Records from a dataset
################
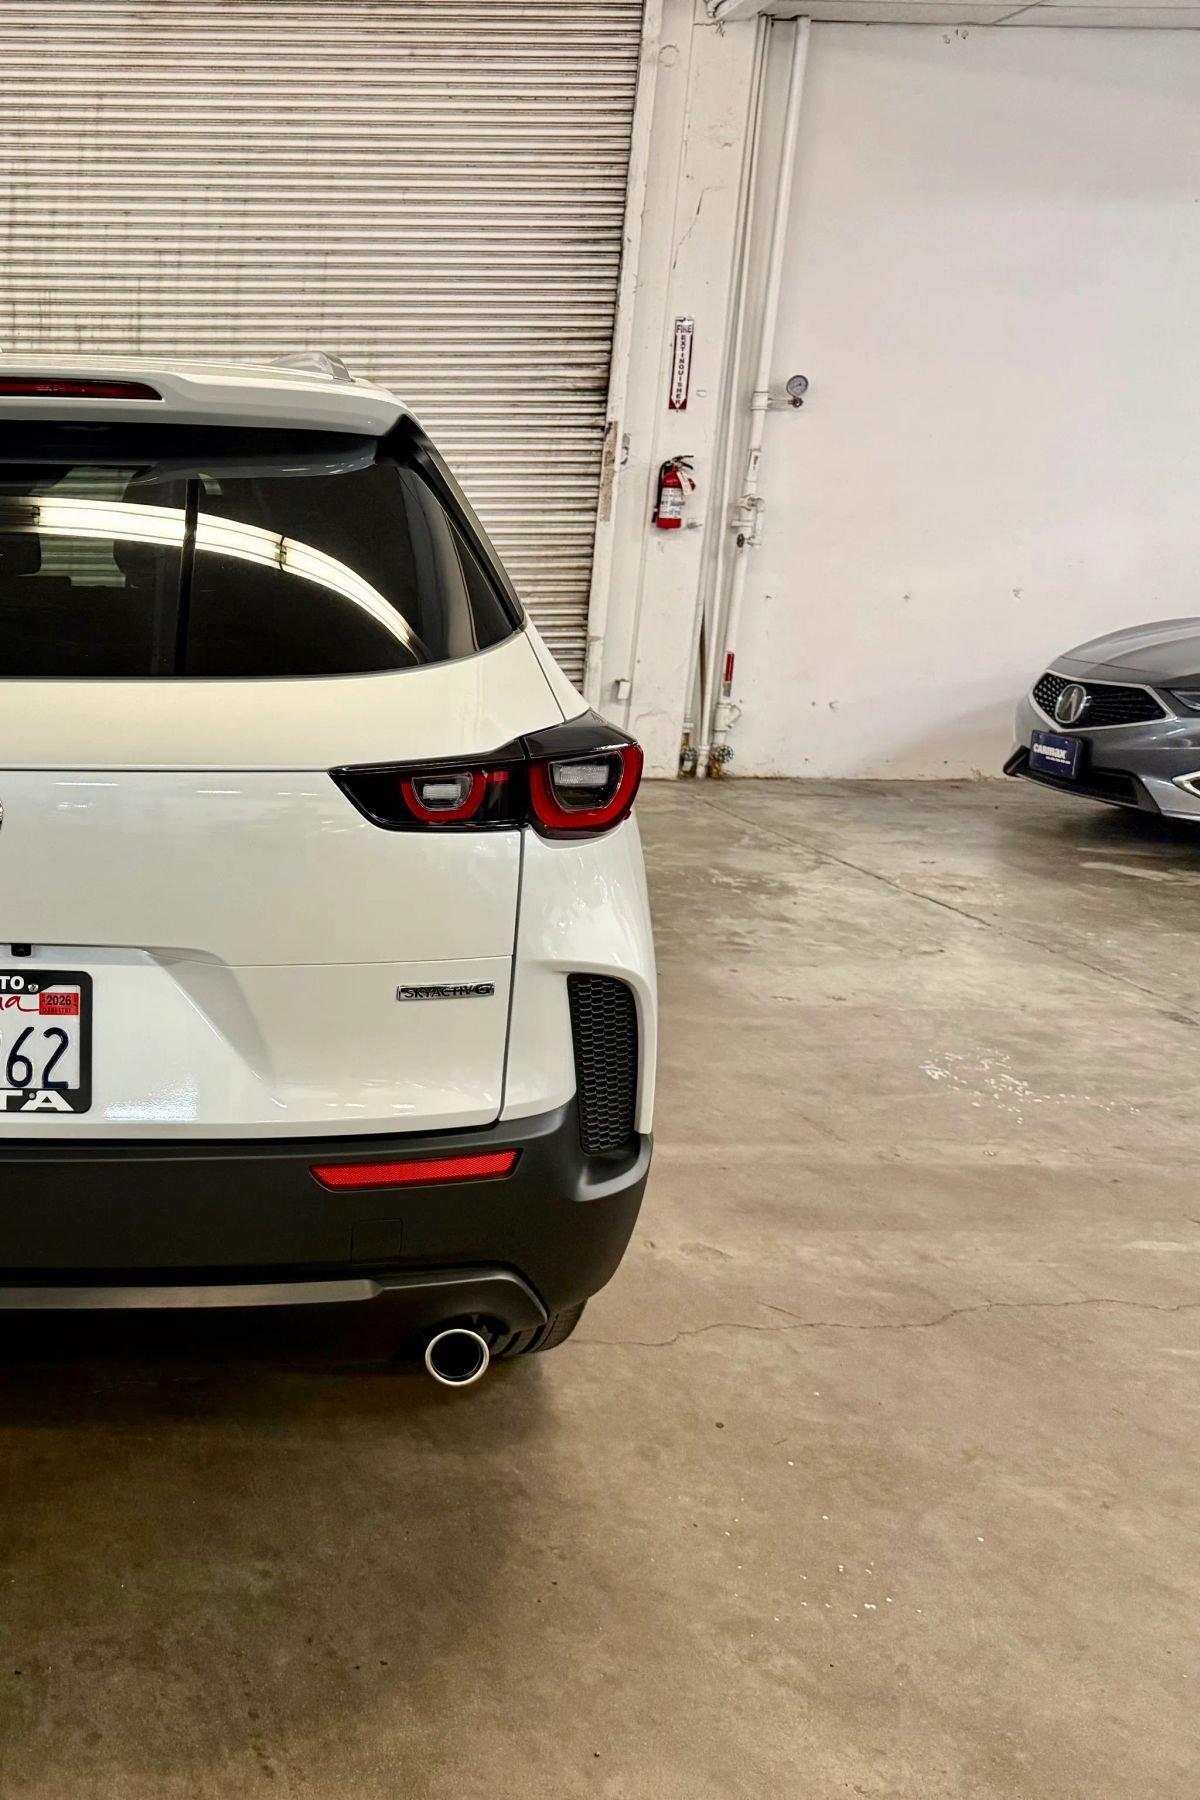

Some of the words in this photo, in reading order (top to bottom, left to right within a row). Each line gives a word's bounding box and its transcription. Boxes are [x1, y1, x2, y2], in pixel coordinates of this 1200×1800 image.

[676, 325, 692, 333] FIRE
[675, 334, 686, 404] EXTINGUISHER
[46, 995, 72, 1006] 2026
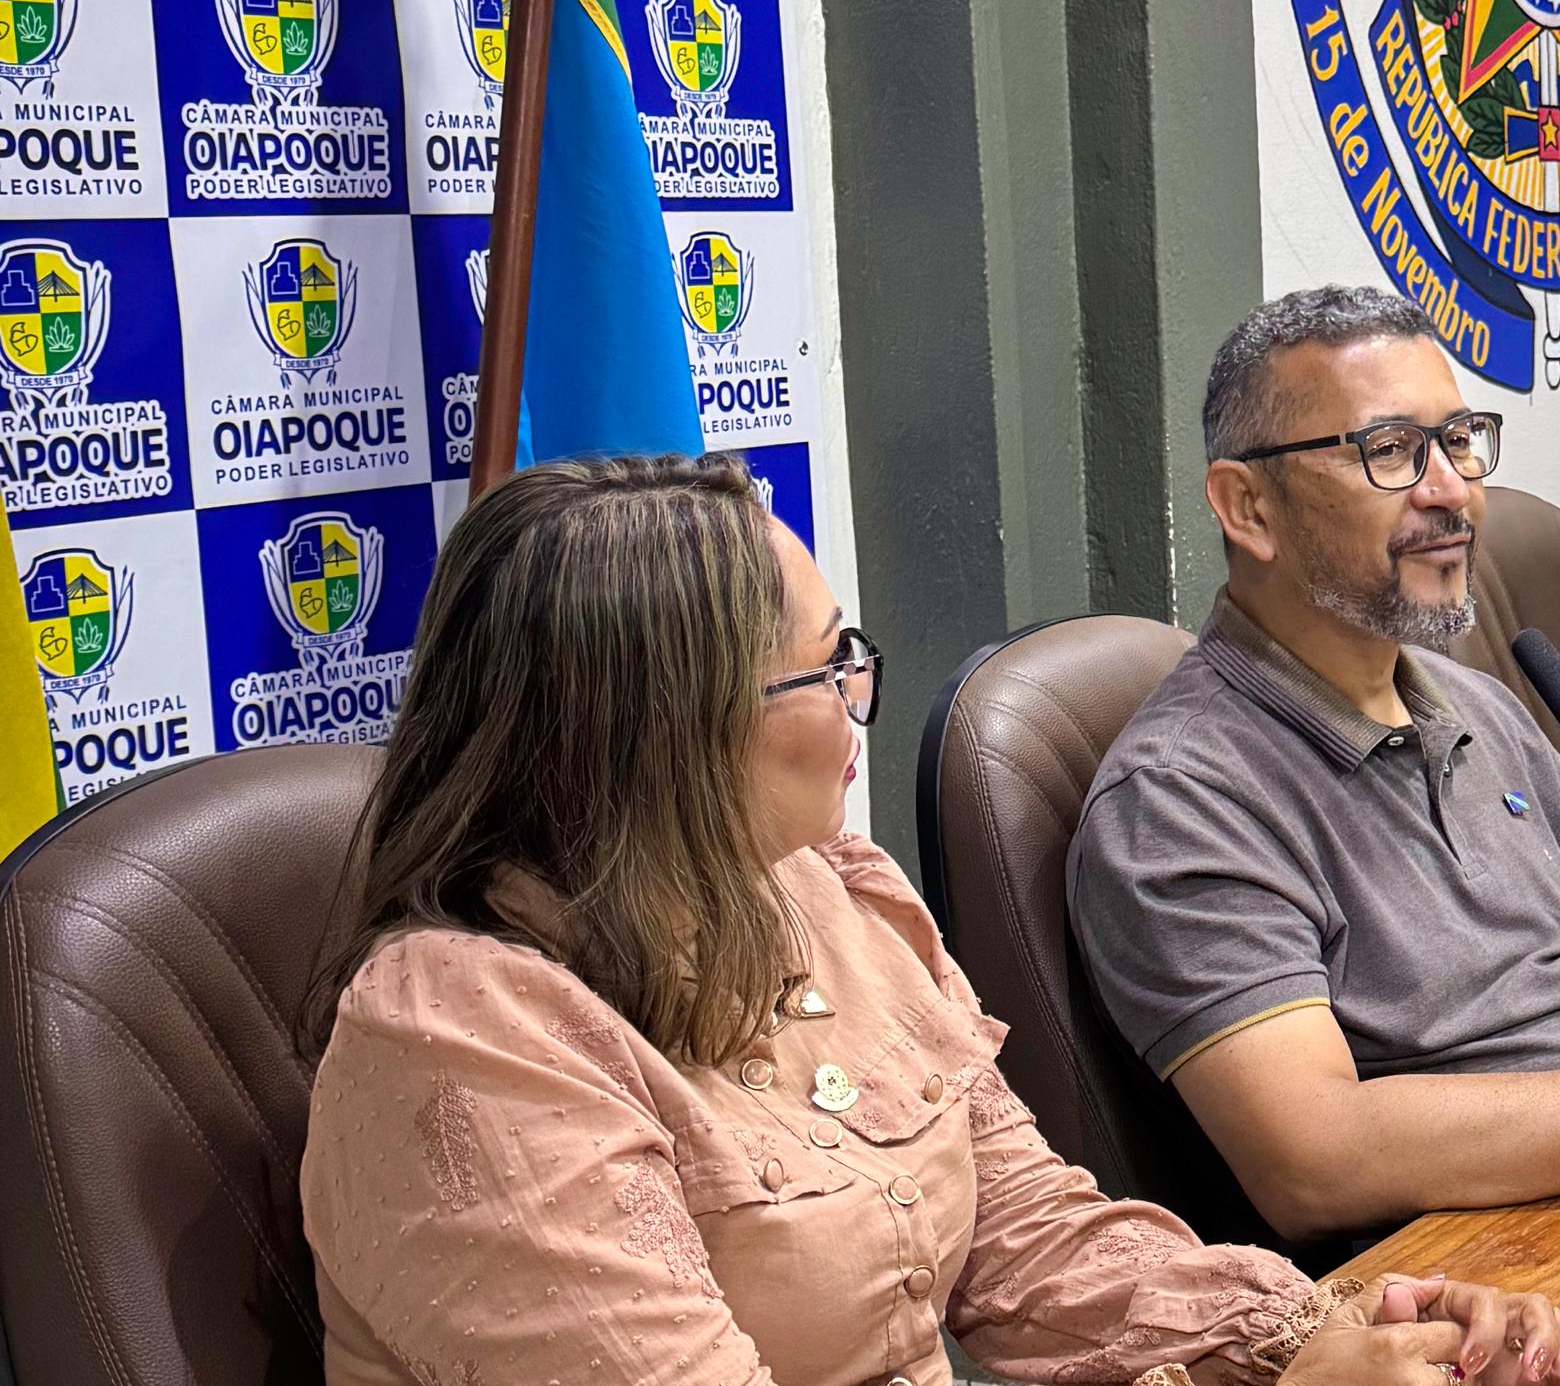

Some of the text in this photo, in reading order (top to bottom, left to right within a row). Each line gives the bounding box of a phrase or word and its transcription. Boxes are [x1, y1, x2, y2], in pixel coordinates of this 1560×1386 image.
################
[What is needed] Output the records exactly. Drop the images.

[Answer area]
Some of the words in this photo, in reading order (top to bottom, left to right within a row). Each line gives a word's bounding box and its transcription. Boxes are [x1, y1, x2, y2], in pixel coordinates of this 1200×1800 image.

[676, 325, 692, 333] FIRE
[675, 334, 686, 404] EXTINGUISHER
[46, 995, 72, 1006] 2026

Some of the text in this photo, in reading order (top to bottom, left to right within a row). Each line gives the bounding box of a phrase or word and its transcription. Boxes are [x1, y1, x2, y2], in pixel coordinates of this 1560×1386 image.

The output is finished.